Indicator light circuit
According to the specs, your sailing light draws 80mA at 24v. So let's redraw it as a current source.
This means you have 80mA available in the cabin to drive your indicator light. You could use a sufficiently beefy LED that will tolerate 80mA, and simply put it in series.
If you have to use a lower current LED, then the following transistor shunt will reduce the indicator LED current to a value that gives a 0.7v drop across R1. For instance, 35 ohms will give you a LED current of around 20mA, when there's more than 20mA being drawn by the circuit. Make sure the transistor collector current and total dissipation are adequate to shunt the remaining current. It would probably be best to use a very beefy transistor for Q1 in case your sailing light draws a lot of current on startup.

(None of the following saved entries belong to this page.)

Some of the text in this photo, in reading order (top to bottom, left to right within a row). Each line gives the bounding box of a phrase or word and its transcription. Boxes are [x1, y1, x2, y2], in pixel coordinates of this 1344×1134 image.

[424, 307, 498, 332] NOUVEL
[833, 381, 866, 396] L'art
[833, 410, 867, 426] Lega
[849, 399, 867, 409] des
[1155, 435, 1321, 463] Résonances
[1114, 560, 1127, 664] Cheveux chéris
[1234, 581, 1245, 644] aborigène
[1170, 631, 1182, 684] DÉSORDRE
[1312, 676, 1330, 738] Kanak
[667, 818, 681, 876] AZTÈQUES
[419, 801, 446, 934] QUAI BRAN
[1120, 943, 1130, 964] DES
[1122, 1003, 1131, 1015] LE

simulate this circuit – Schematic created using CircuitLab
One improvement to EinarA's answer would be to add one more transistor. Q2 cuts off the indicator light if a wiring fault shorts out the navigation light.

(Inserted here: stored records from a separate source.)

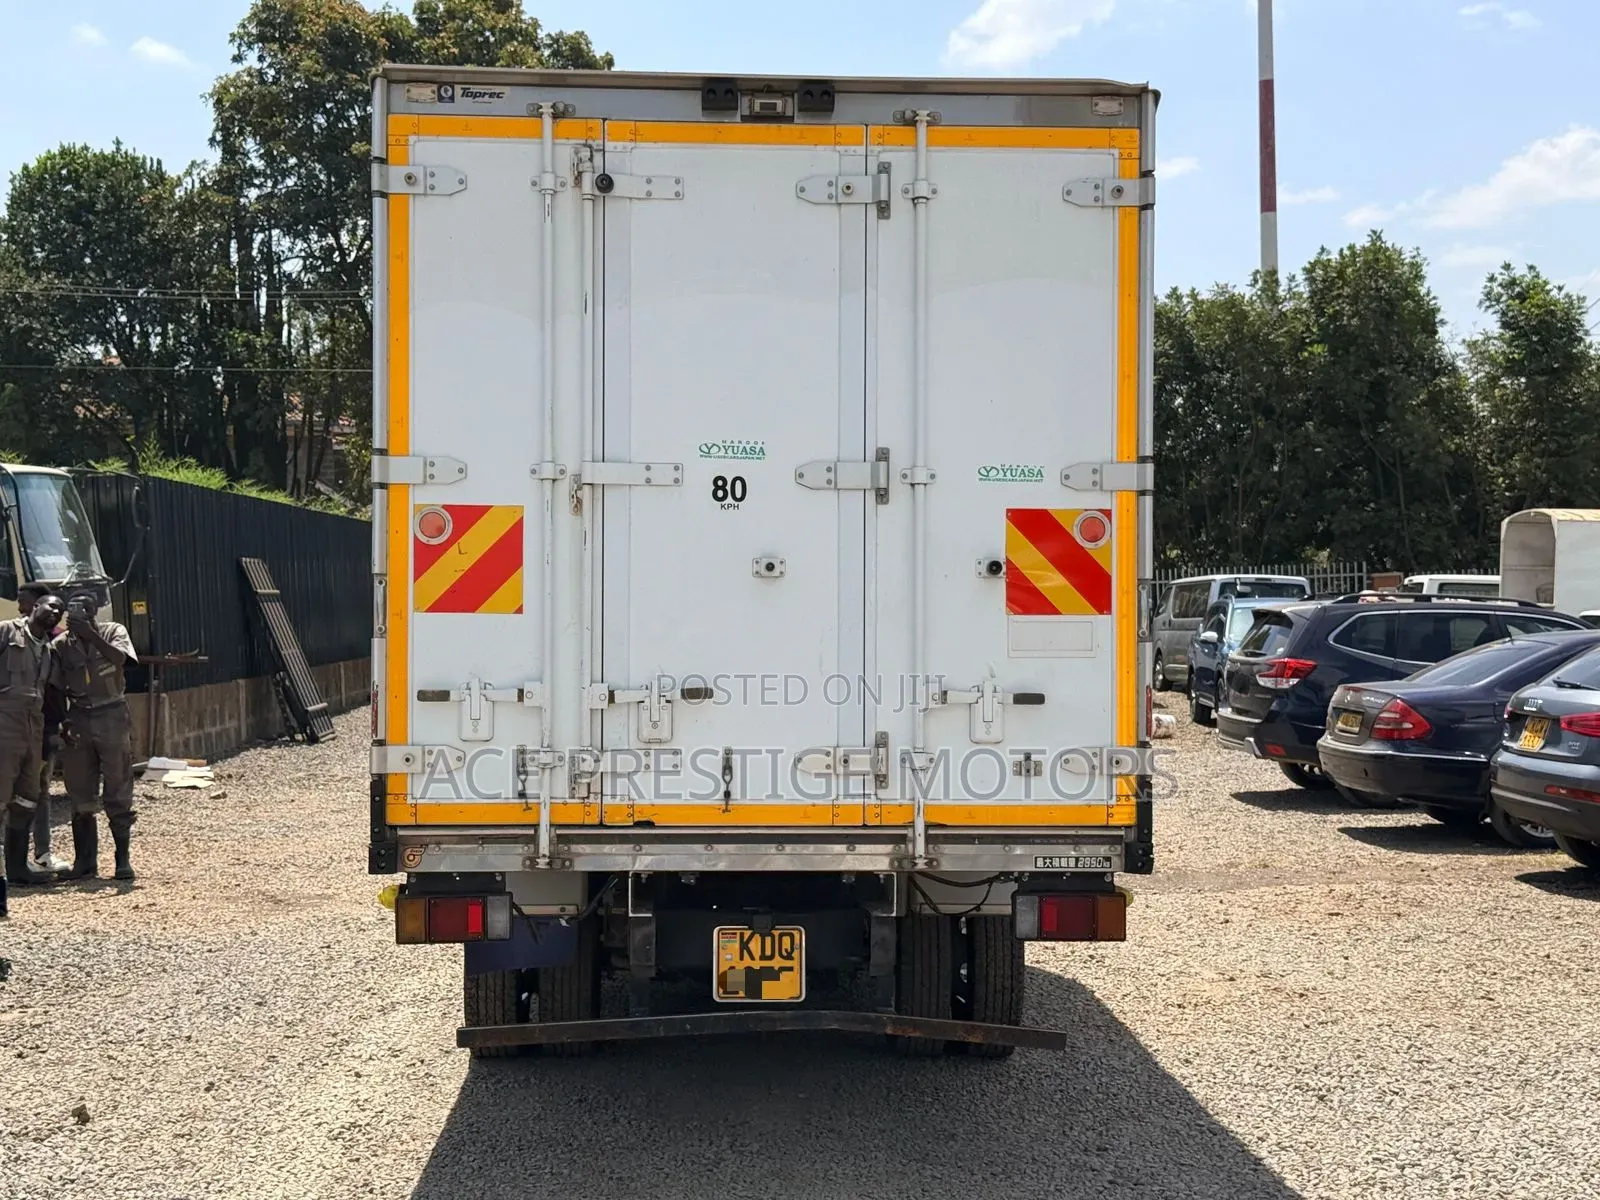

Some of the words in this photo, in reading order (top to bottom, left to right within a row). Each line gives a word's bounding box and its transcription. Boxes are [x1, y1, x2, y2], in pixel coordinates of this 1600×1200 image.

[460, 87, 505, 100] Toprec
[721, 445, 766, 456] YUASA
[1000, 468, 1044, 478] YUASA
[712, 475, 747, 502] 80
[739, 931, 795, 961] KDQ

In other words, Q1 turns on at about 60 mA of load current, but Q2 cuts it off again at anything over 650 mA.
simulate this circuit – Schematic created using CircuitLab
One comment on Neil's answer: If the load does draw a current surge the LED is still at risk because there is a low resistance path through the base, a resistor is needed in series with the base.
An alternate circuit would use a PNP to sense the current and drive a LED connected to ground for minimal voltage drop but some extra current usage. Looking at the question again, picture 2 shows this but with base and emitter reversed and a resistor needed in series with the base.